Texto: Luiz Eduardo Kochhann | Edição de Arte: Inara Pacheco
Design: Andy Faria

A

Airbus concluiu, em junho de 2020, a primeira fase de testes de um sistema autônomo de taxiamento, decolagem e pouso de aeronaves (ATTOL, na sigla em inglês). Foram mais de 500 voos realizados por um A350 XWB – jato comercial com capacidade para transportar de 280 a 366 passageiros –, adaptado com uma moderna tecnologia de reconhecimento visual. A maioria dos voos serviu para a coleta de dados por meio de câmeras e sensores, fundamentais para ajustar os algoritmos que controlam a aeronave. Seis voos foram realizados sem interferência humana, com os pilotos na cabine apenas por segurança.

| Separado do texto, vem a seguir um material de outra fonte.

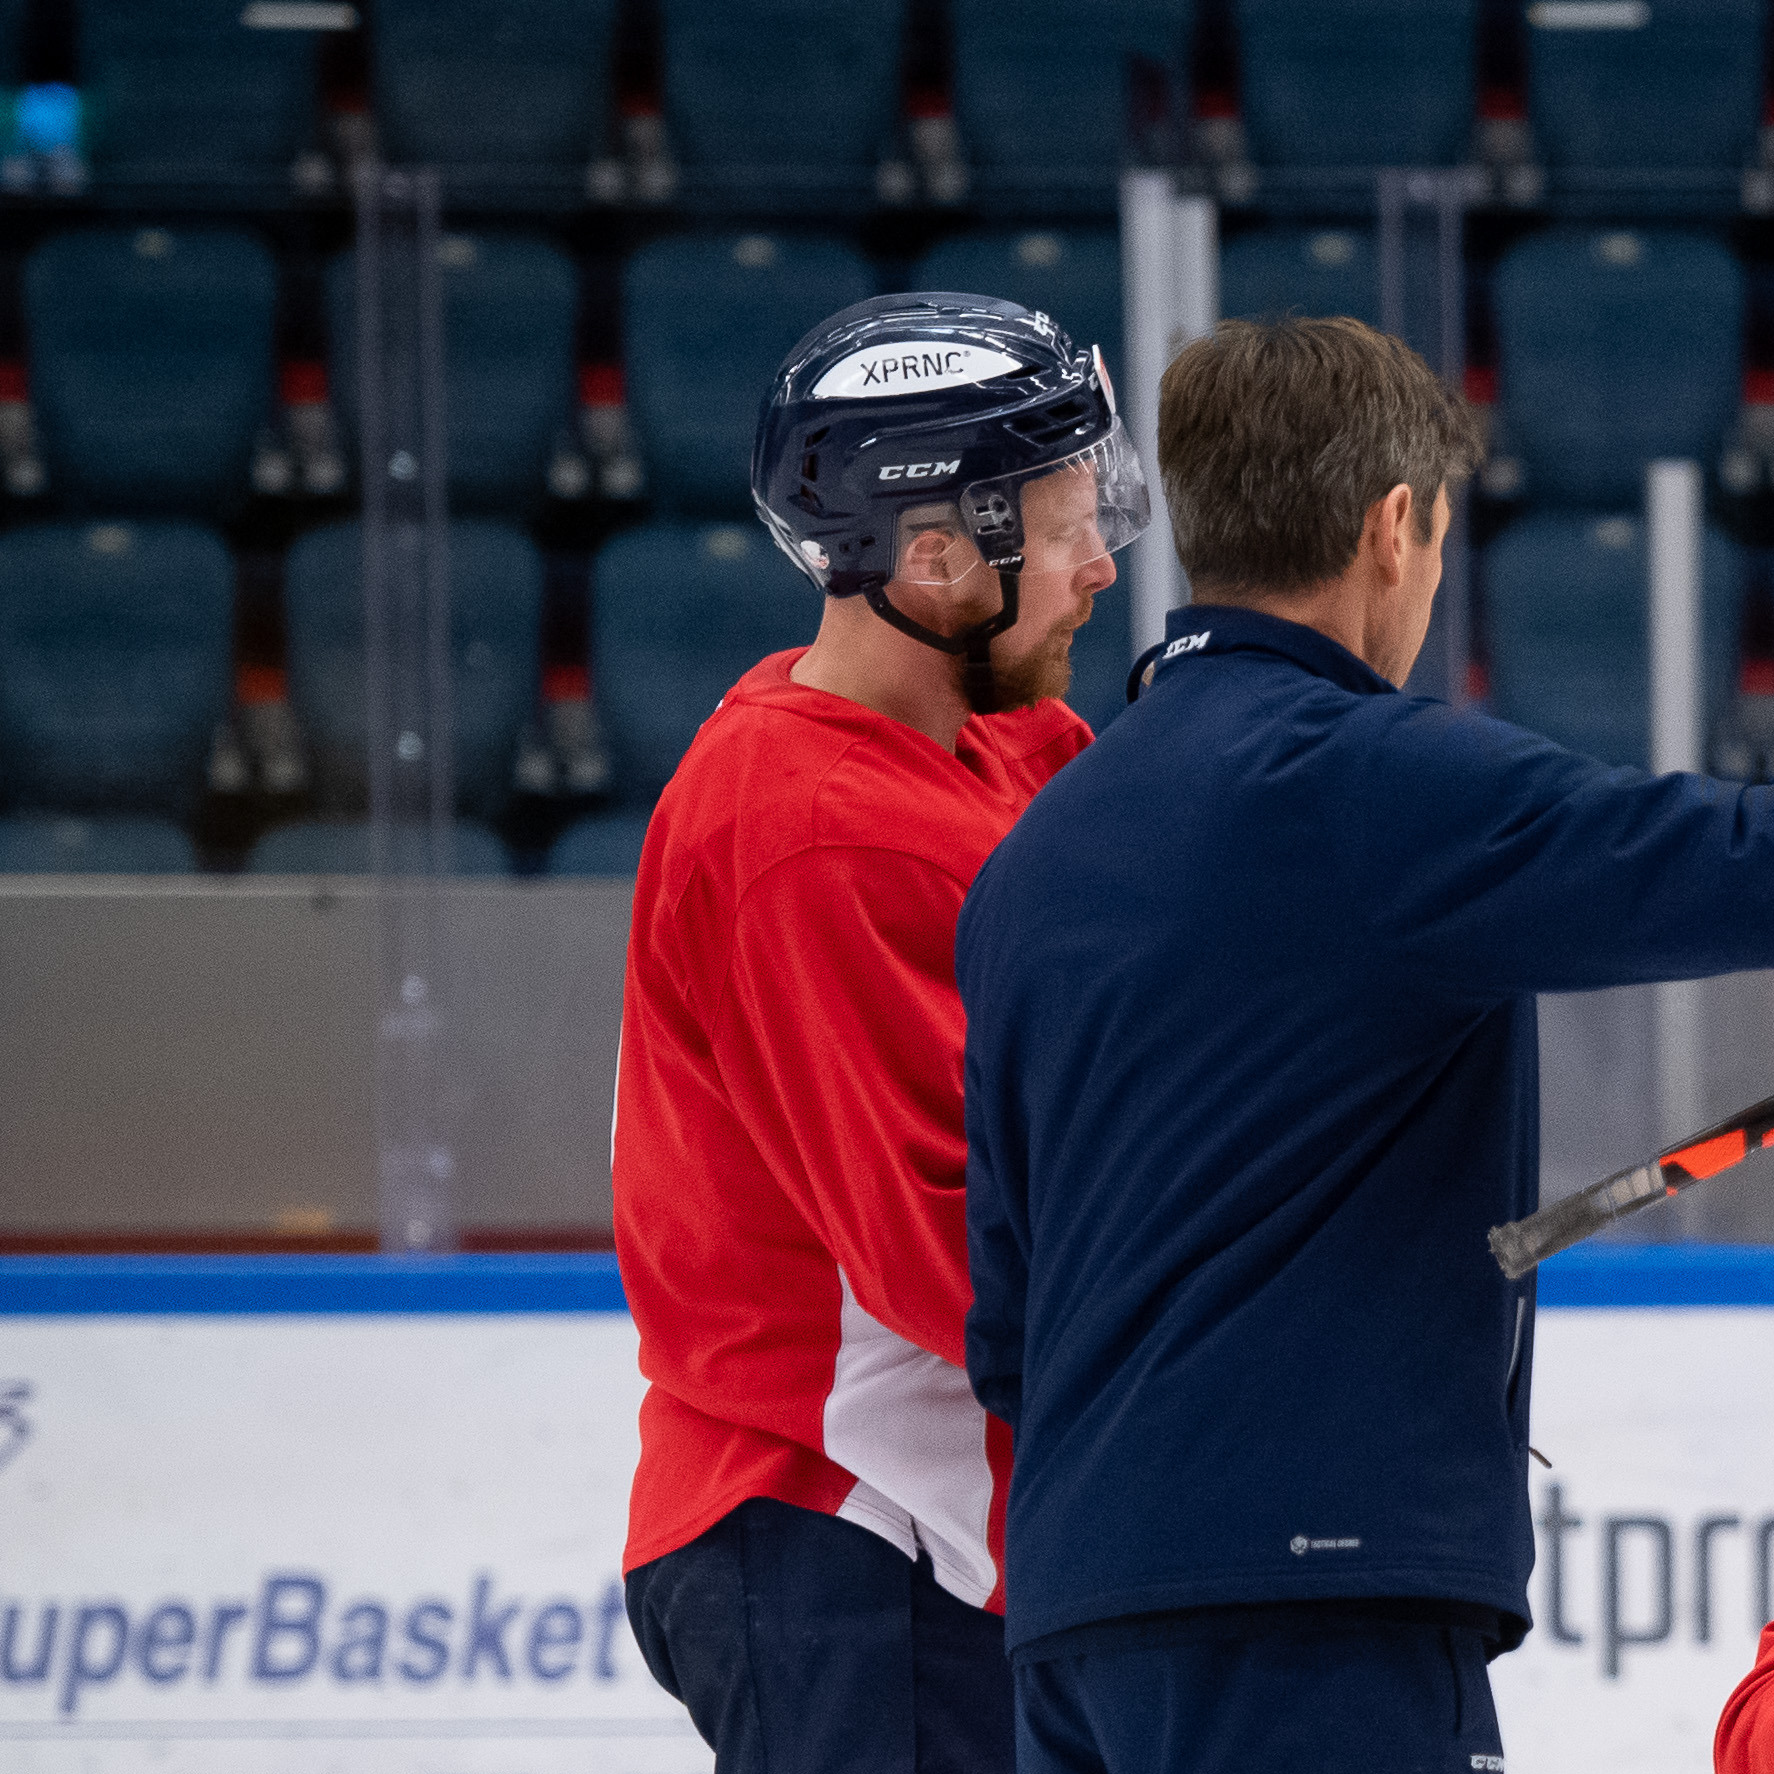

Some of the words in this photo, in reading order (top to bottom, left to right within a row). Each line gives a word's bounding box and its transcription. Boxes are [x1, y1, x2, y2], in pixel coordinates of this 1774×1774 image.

[860, 351, 964, 386] XPRNC
[878, 459, 961, 481] CCM
[989, 555, 1022, 567] CCM

Os testes foram considerados bem-sucedidos e o resultado, segundo a Airbus, abre margem para a “criação de novos modelos de negócios que transformarão a forma como as aeronaves são desenvolvidas”. Em outras palavras: a inteligência artificial já evoluiu para os aviões voarem sem a necessidade de pilotos.

Em setembro de 2019, outro experimento já havia comprovado essa capacidade. Em um aeroporto da Califórnia, a empresa Reliable Robotics operou um Cessna 172 que taxiou, decolou, voou por 15 minutos e pousou no mesmo aeroporto de maneira autônoma. Mas, apesar do progresso, a ideia de voar em um avião comercial não tripulado ainda está longe da realidade.

Estima-se que a tecnologia só se torne comercialmente viável em 2060. Segundo especialistas, o movimento poderia reduzir a chance de acidentes por erro humano e o custo com tripulação. Uma pesquisa de 2017 do banco suíço UBS concluiu que a tecnologia sem pilotos poderia gerar uma economia de US$ 35 bilhões por ano às companhias aéreas.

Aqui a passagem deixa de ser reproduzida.